Roy Halladay Killed In Plane Crash At Age of 40
This is a dark day in sports as two-time Cy Young award winner Roy Halladay was killed in a plane crash in the gulf of Mexico.
As reported by ESPN:
Pasco County Sheriff Chris Nocco said during a news conference that Halladay’s ICON A5, a small single-engine aircraft, went down around noon Tuesday off the coast of Florida.
The sheriff’s office marine unit responded and found Halladay’s body in shallow water near some mangroves. No survivors were found. Police said they couldn’t confirm if there were additional passengers on the plane or say where it was headed.
Nocco said the National Transportation Safety Board (NTSB) is investigating the crash.
This comes as an awful surprise to those across the sports world as Halladay was considered to be one of the best pitchers the MLB has seen in recent memory.
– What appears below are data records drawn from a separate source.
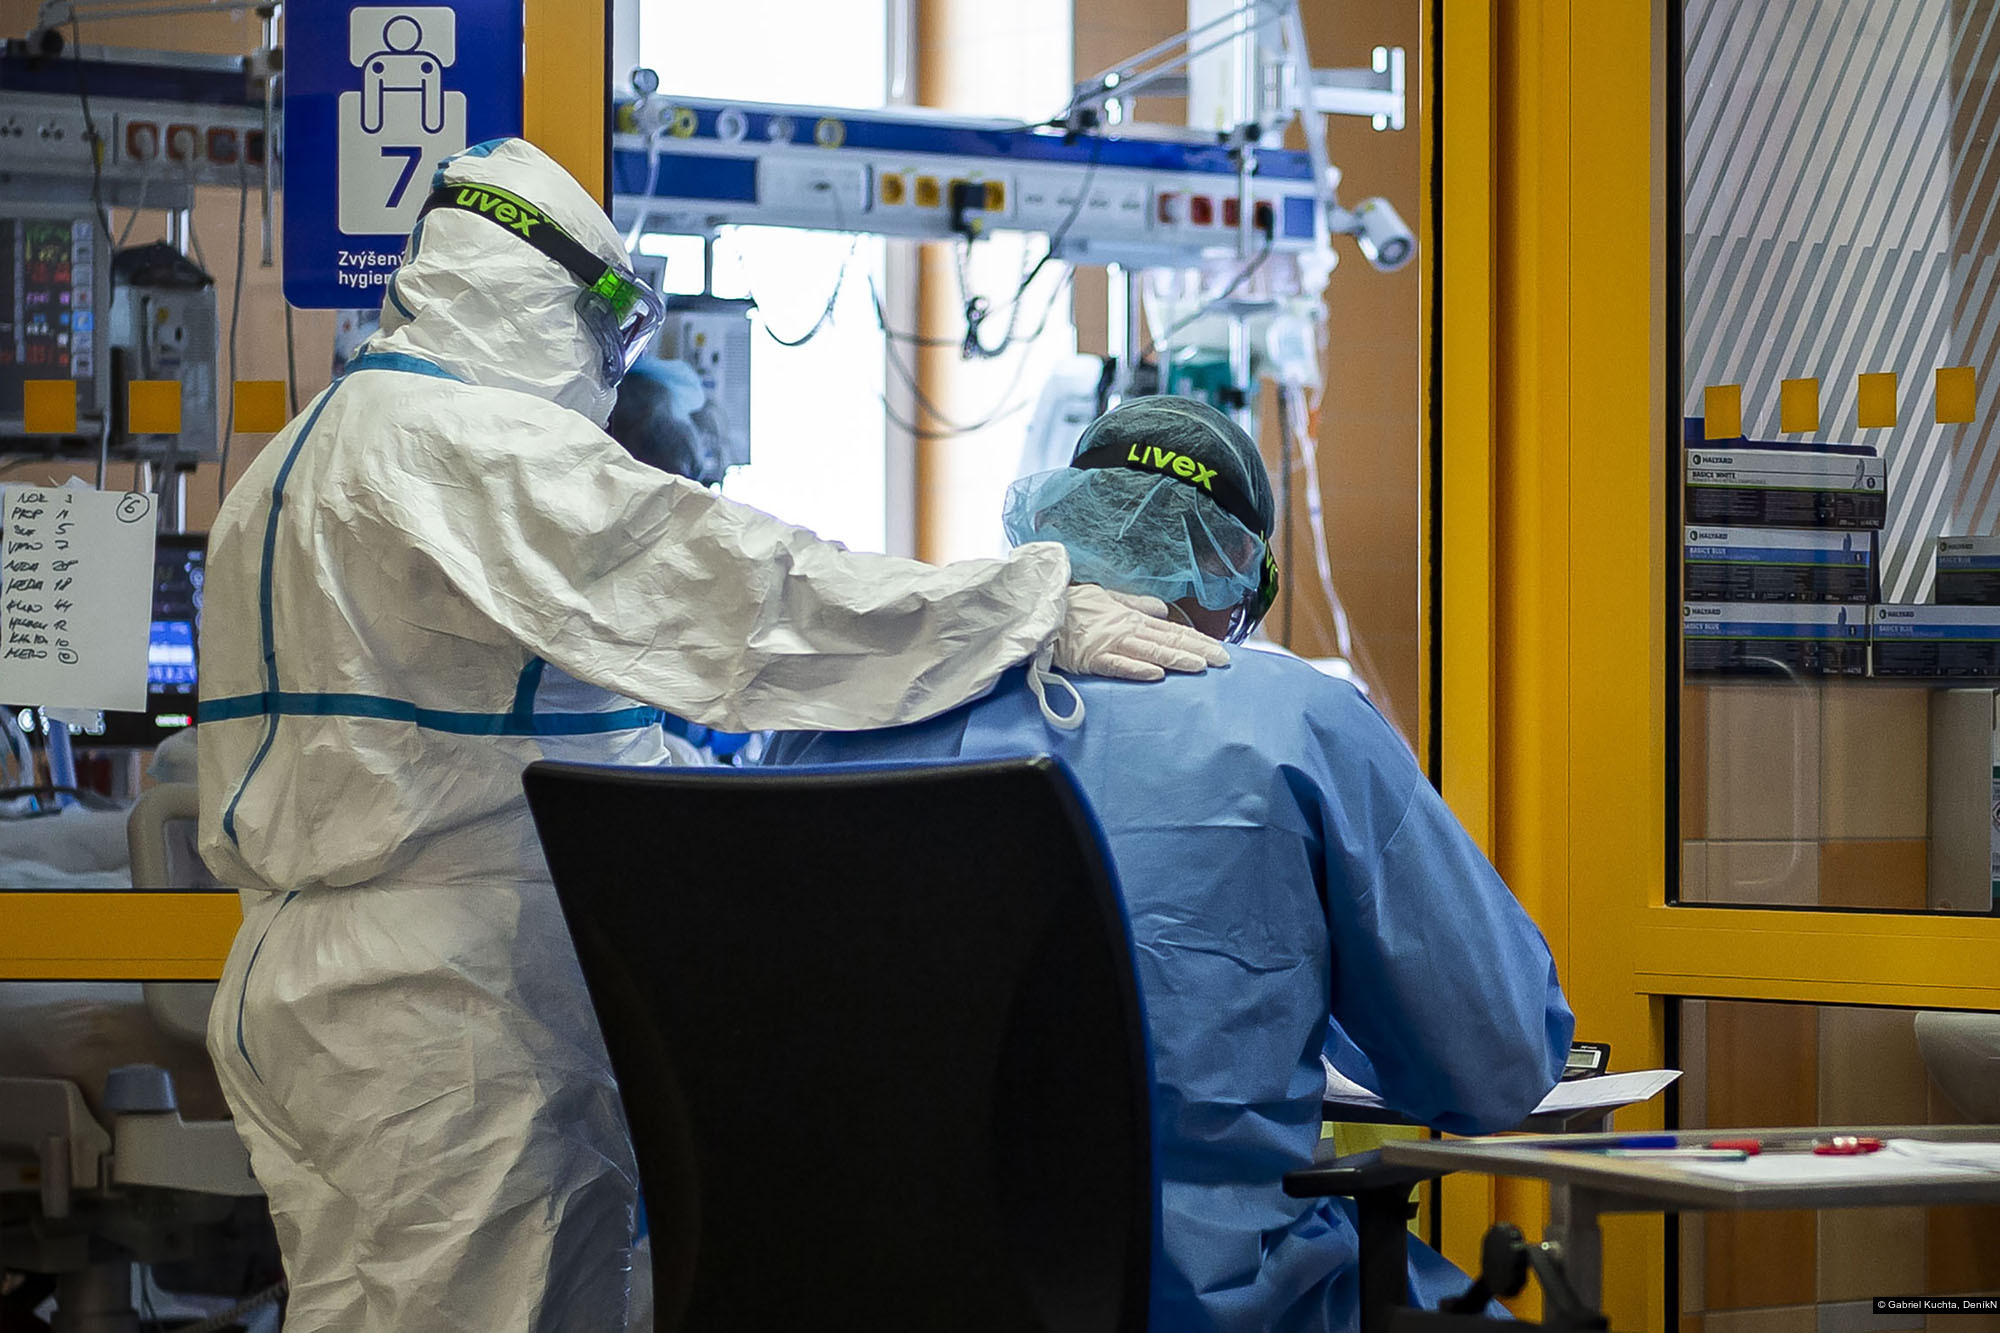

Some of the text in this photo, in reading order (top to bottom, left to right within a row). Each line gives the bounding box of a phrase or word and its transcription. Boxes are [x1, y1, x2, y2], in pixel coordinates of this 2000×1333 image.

[381, 146, 422, 208] 7
[456, 188, 540, 238] uvex
[1702, 456, 1733, 464] HALYARD
[55, 523, 75, 535] 5
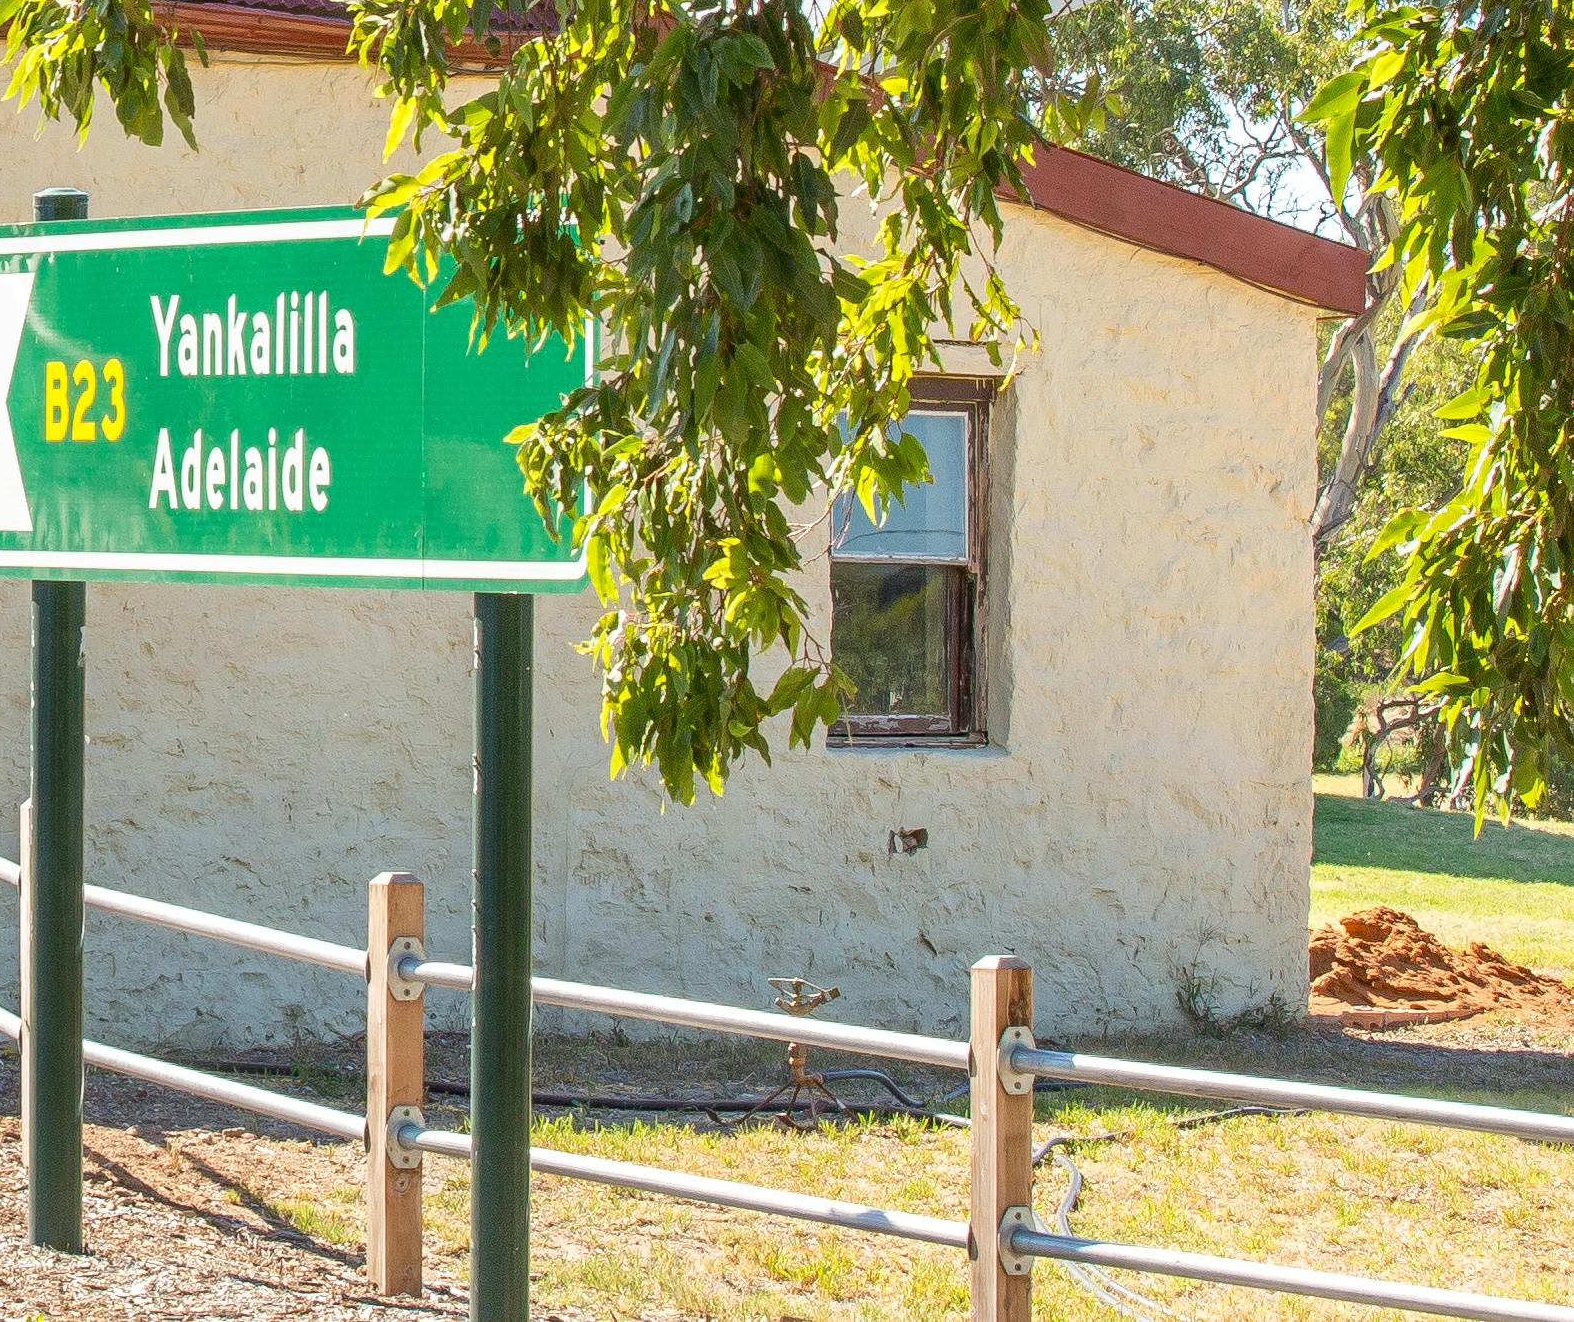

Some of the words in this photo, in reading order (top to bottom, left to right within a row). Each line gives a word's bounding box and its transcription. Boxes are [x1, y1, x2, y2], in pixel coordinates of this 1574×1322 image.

[150, 290, 354, 377] Yankalilla
[45, 359, 125, 441] B23
[148, 427, 331, 511] Adelaide
Most importantly, however, Halladay was known as an even better person throughout his career.
“All of us at Baseball are shocked and deeply saddened by the tragic passing of former Toronto Blue Jays and Philadelphia Phillies pitcher Roy Halladay,” MLB commissioner Rob Manfred said in a statement. “A well-respected figure throughout the game, Roy was a fierce competitor during his 16-year career, which included eight All-Star selections, two Cy Young Awards, a perfect game and a Postseason no-hitter.
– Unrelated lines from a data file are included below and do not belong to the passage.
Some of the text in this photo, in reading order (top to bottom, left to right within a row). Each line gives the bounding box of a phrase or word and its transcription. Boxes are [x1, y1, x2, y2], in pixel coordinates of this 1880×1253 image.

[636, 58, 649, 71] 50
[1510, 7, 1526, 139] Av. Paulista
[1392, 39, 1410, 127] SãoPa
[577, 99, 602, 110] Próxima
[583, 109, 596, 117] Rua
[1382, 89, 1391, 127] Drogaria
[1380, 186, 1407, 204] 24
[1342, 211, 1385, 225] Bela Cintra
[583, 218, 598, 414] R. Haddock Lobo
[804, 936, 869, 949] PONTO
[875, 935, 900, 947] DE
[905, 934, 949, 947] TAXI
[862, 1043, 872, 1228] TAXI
“On behalf of Major League Baseball, I extend my deepest condolences to his family, including his wife, Brandy, and two sons, Ryan and Braden, his friends and countless fans, as well as the Blue Jays and Phillies organizations.”
Halladay, whose father was a pilot, received his pilot license a few years ago and posted a picture of himself standing next to an ICON A5 as part of the planes marketing campaign.
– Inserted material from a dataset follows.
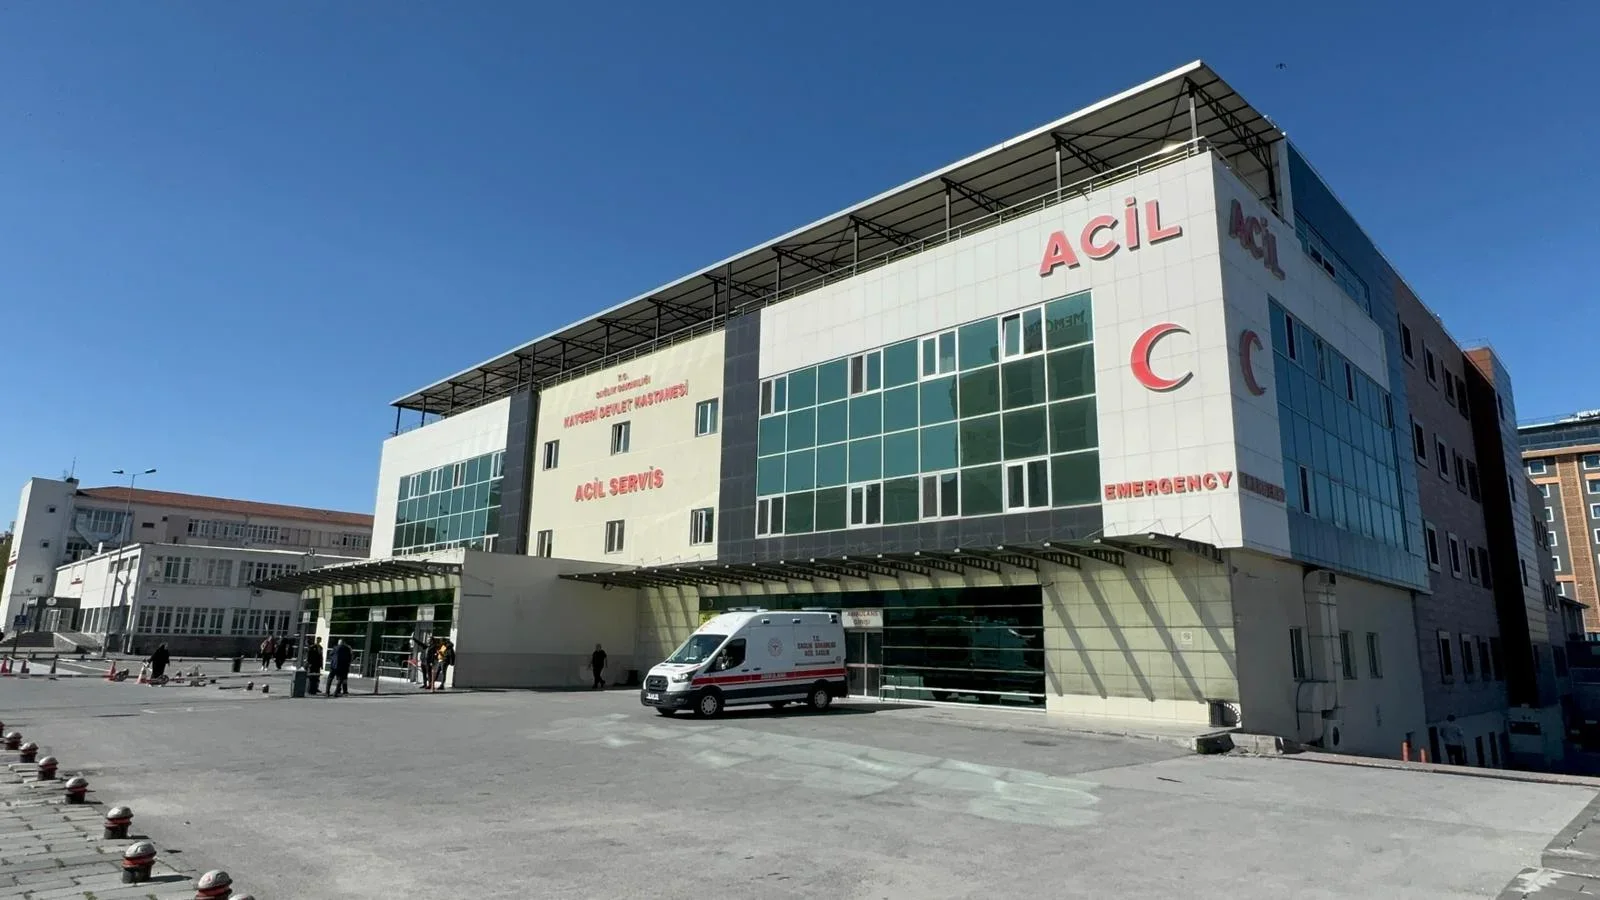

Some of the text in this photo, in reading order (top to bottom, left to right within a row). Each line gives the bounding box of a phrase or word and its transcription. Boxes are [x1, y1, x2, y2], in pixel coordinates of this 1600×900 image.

[1039, 196, 1183, 278] ACİL
[564, 379, 689, 428] KAYSERİ DEVLET HASTANESİ
[575, 465, 664, 502] ACİL SERVİS
[1104, 471, 1233, 501] EMERGENCY
“We were devastated to learn that former MLB pitcher Roy Halladay died today in an accident involving an ICON A5 in the Gulf of Mexico,” the company said in a statement. “We have gotten to know Roy and his family in recent months, and he was a great advocate and friend of ours. The entire ICON community would like to pass on our deepest condolences to Roy’s family and friends. ICON will do everything it can to support the accident investigation going forward and we will comment further when more information is available.”
Halladay spend his 16-year career with both the Toronto Blue Jays and Philadelphia Phillies respectively. The right handed ace accumulated a 203-105 record with a 3.38 ERA in his career.
Upon his retirement in 2013, Halladay signed a one day contract with the Toronto Blue Jays so he could retire with the team he spent the majority of his career with.
“The Toronto Blue Jays organization is overcome by grief with the tragic loss of one of the franchise’s greatest and most respected players, but even better human being,” the team said in a statement. “It is impossible to express what he has meant to this franchise, the city and its fans. Our thoughts and prayers are with his family and friends.”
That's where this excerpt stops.